Kimberly Quijada brings a curbside order to a customer of El Camaron Loco, March 26, 2020. El Camaron Loco on Havana Street is offering curbside pick-up during the state wide shelter-in-place order. Photo by Philip B. Poston/Sentinel Colorado

AURORA | A group of Aurora City Council members want indoor dining to re-open across the city to prevent eateries from permanently closing up shop. 

Mayor Mike Coffman and councilmembers Francoise Bergan, Marsha Berzins, Dave Gruber and Curtis Gardner sent a letter to Gov. Jared Polis and state and local health experts this week asking for indoor dining to resume at a limited capacity. 

Currently, due to the rise in COVID-19 cases all metro-region counties are operating at the Red Level on the Stay at Home dial, a tool developed by the state to “balance the urgent need to contain the virus with the need for localized guidance during the pandemic.” Under this level, bars are ordered closed and restaurants can only offer outdoor dining or curbside and delivery services. 

Outdoor dining, which many restaurants relied on to stay afloat during the summer, has become a less viable option as temperatures have dropped and snow becomes a regular weather forecast. 

“We want our restaurant businesses and workers to know that we stand with them and will do whatever we can to help them survive during this pandemic. Aurora has many locally owned independent small businesses, many of them immigrant owned, which cannot afford to be shut down a second time,” the group wrote in the letter. “According to the Colorado Restaurant Association, 24% of restaurants have reported that they will likely close permanently within one month if indoor dining does not reopen.”

The letter cites a Colorado Restaurant Association a statistic that only between 1%-2% of infections are being traced back to restaurants. It”s unclear how they determined that number.

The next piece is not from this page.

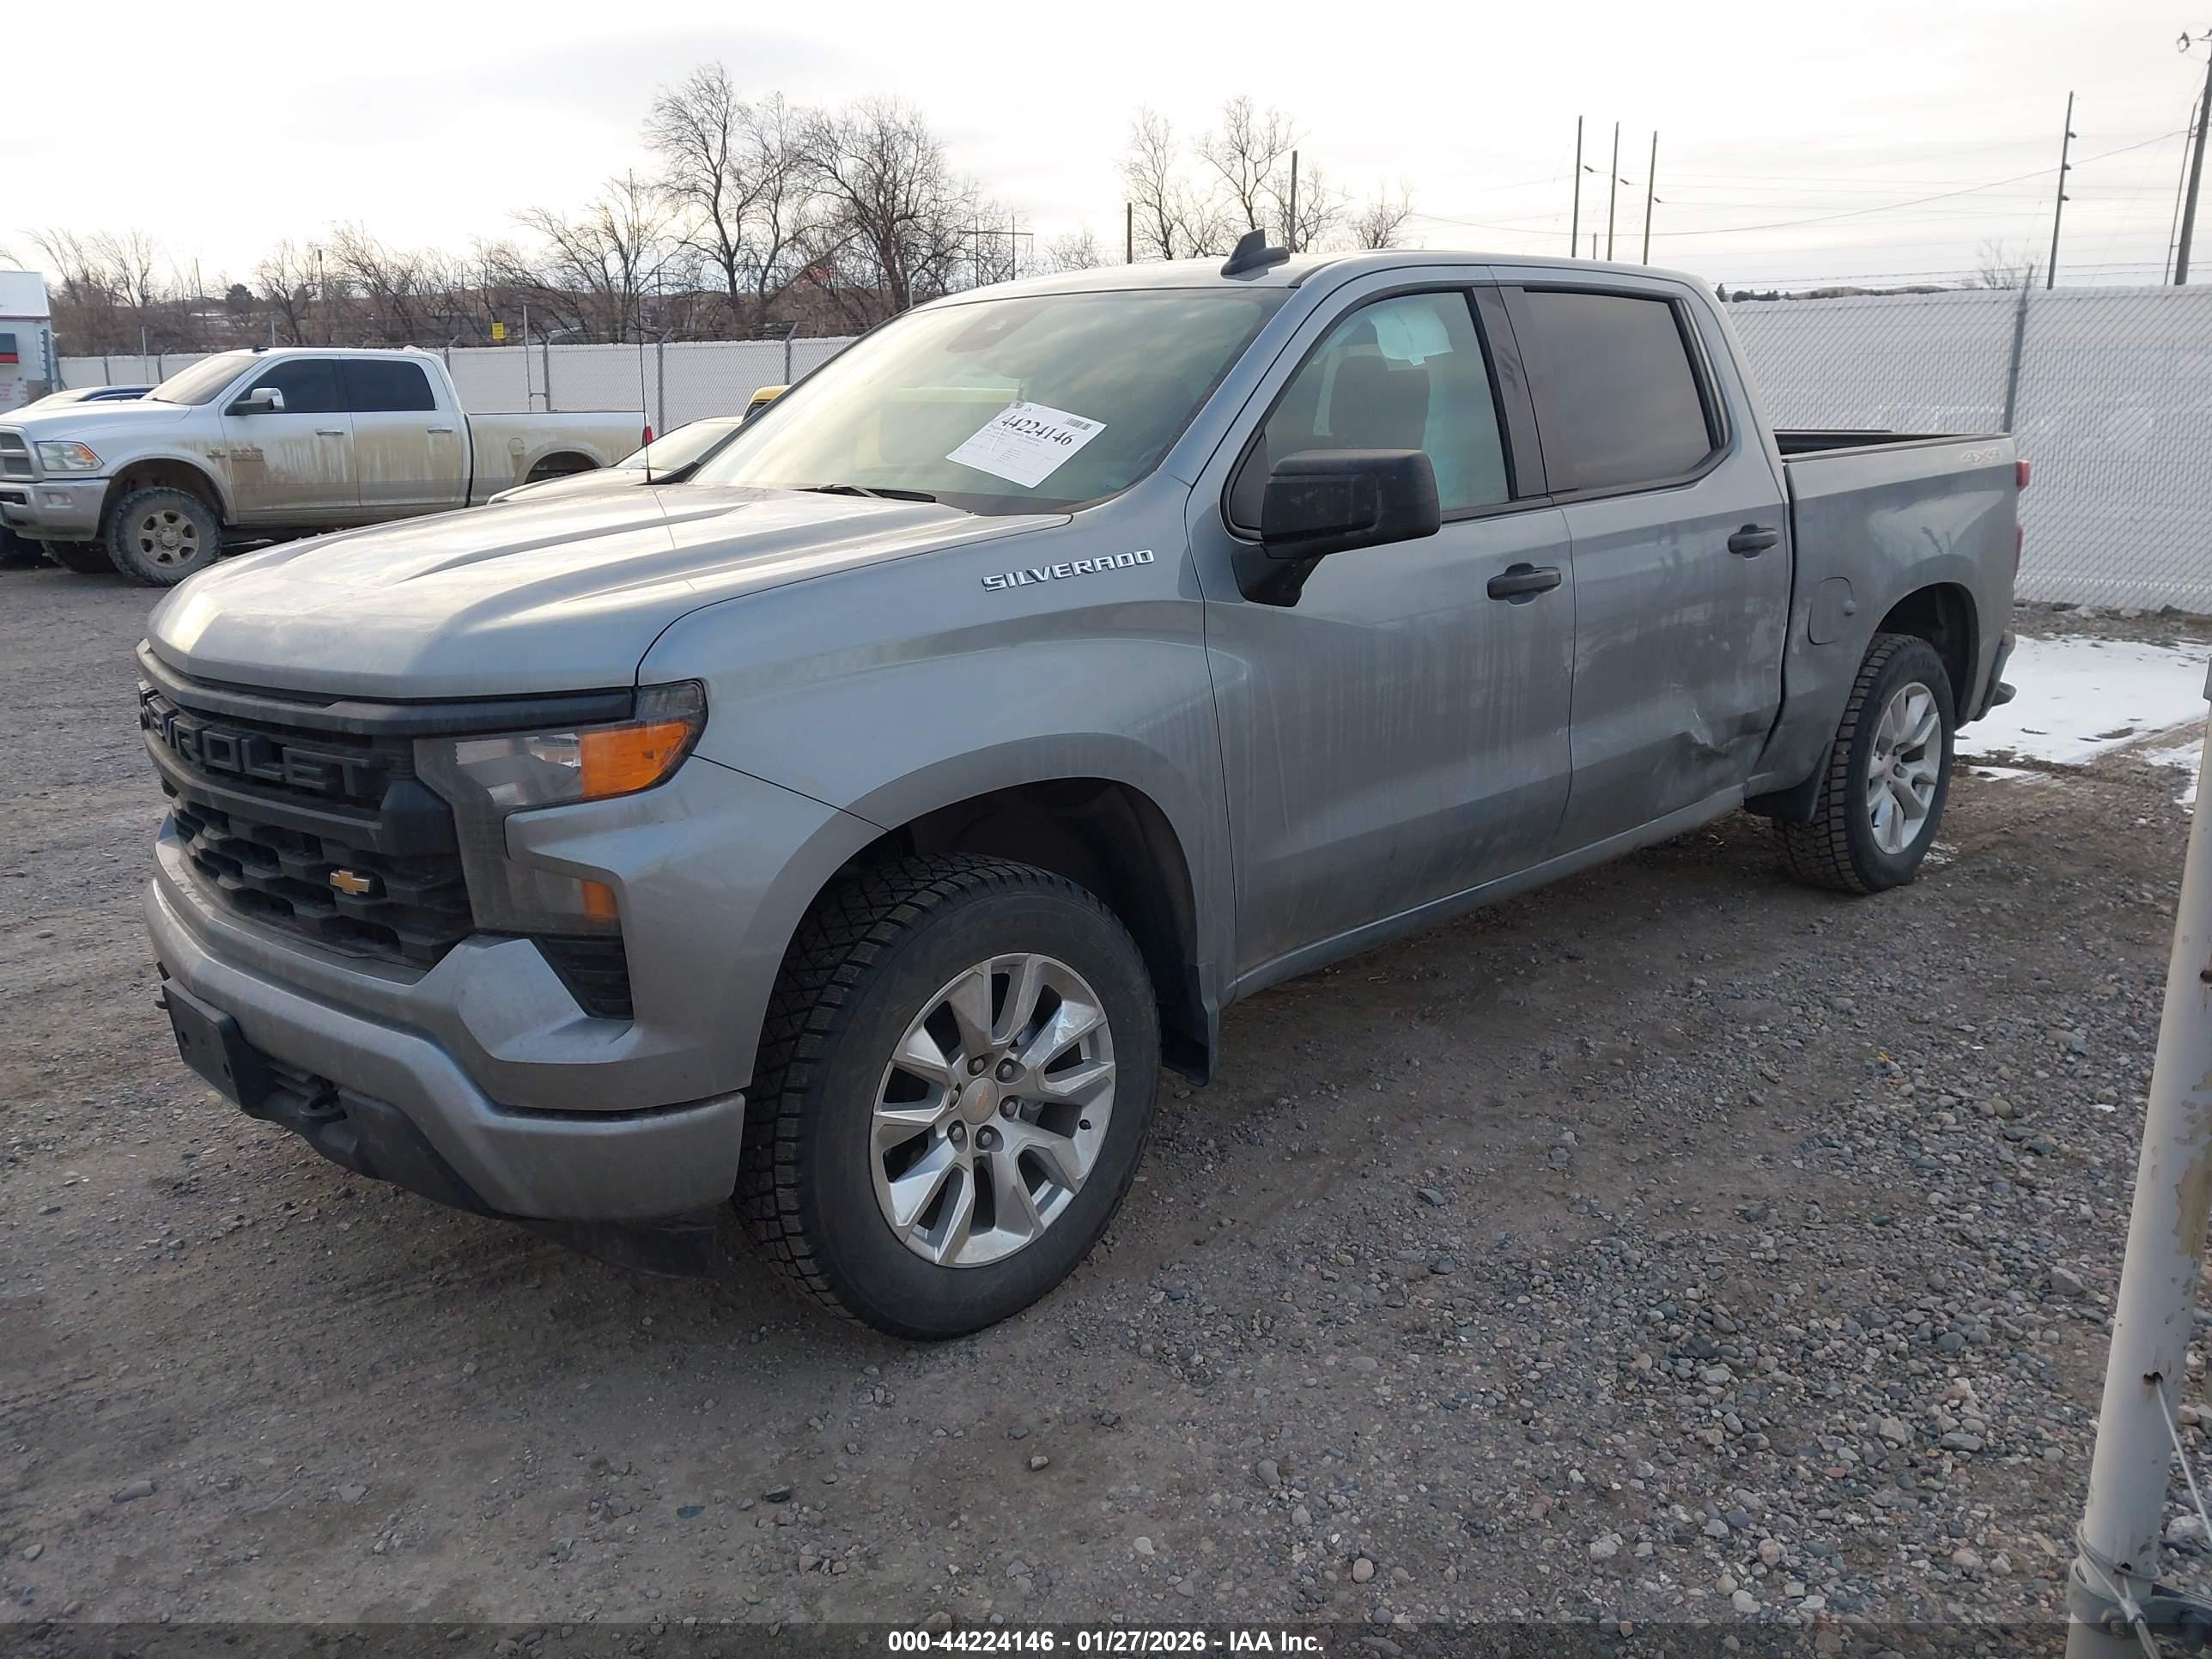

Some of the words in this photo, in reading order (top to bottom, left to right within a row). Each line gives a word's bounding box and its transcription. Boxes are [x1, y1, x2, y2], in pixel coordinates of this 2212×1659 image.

[1001, 415, 1079, 446] 44224146
[981, 550, 1155, 592] SILVERADO
[137, 679, 373, 797] EVROLET

It’s unclear what that statistic looks like in Aurora, specifically. The Tri-County Health Department’s contact tracing data shows restaurants are second among a list of common places people who tested positive for the virus reported going, but that data only exists for Sept. 29 through Dec. 1. 

Aurora has been in Level Red since mid-November. 

“Governor Polis, we do not want our Aurora residents to lose their businesses and livelihoods. We want our residents to be safe and healthy and also have jobs so they can take care of their families and obligations,” the letter says. “The pride of ownership and self-sufficiency is important to Aurorans. They want their businesses to be open and they want to work. Businesses are willing to do whatever it takes to remain open and we want to help them. They give back to our communities.”

The local lawmakers’ plea may be answered, at least to some degree, despite the dial’s direction that no variances be implemented during Level Red.

The Colorado Department of Public Health and Environment launched the “5 Star State Certificate Program” this week. It “encourages businesses to implement safety measures beyond what is already required by public health orders and guidelines that will help slow the spread of COVID-19.” Businesses that do so accelerate their re-opening.

During Level Red, a certified restaurant could operate at Level Orange (25% capacity for indoor dining) if the county has had a two-week sustained decline in cases and a percent positivity under 10%, or improving, over the prior two weeks.

Douglas County announced its application for the program on Friday.

While cases are significantly fewer since the state moved Aurora counties to Level Red, they’re still occurring at much higher rate than they were over the summer. State officials said this week Colorado was able to avoid a significant surge of cases following the Thanksgiving holiday and hope that trend continues for Christmas.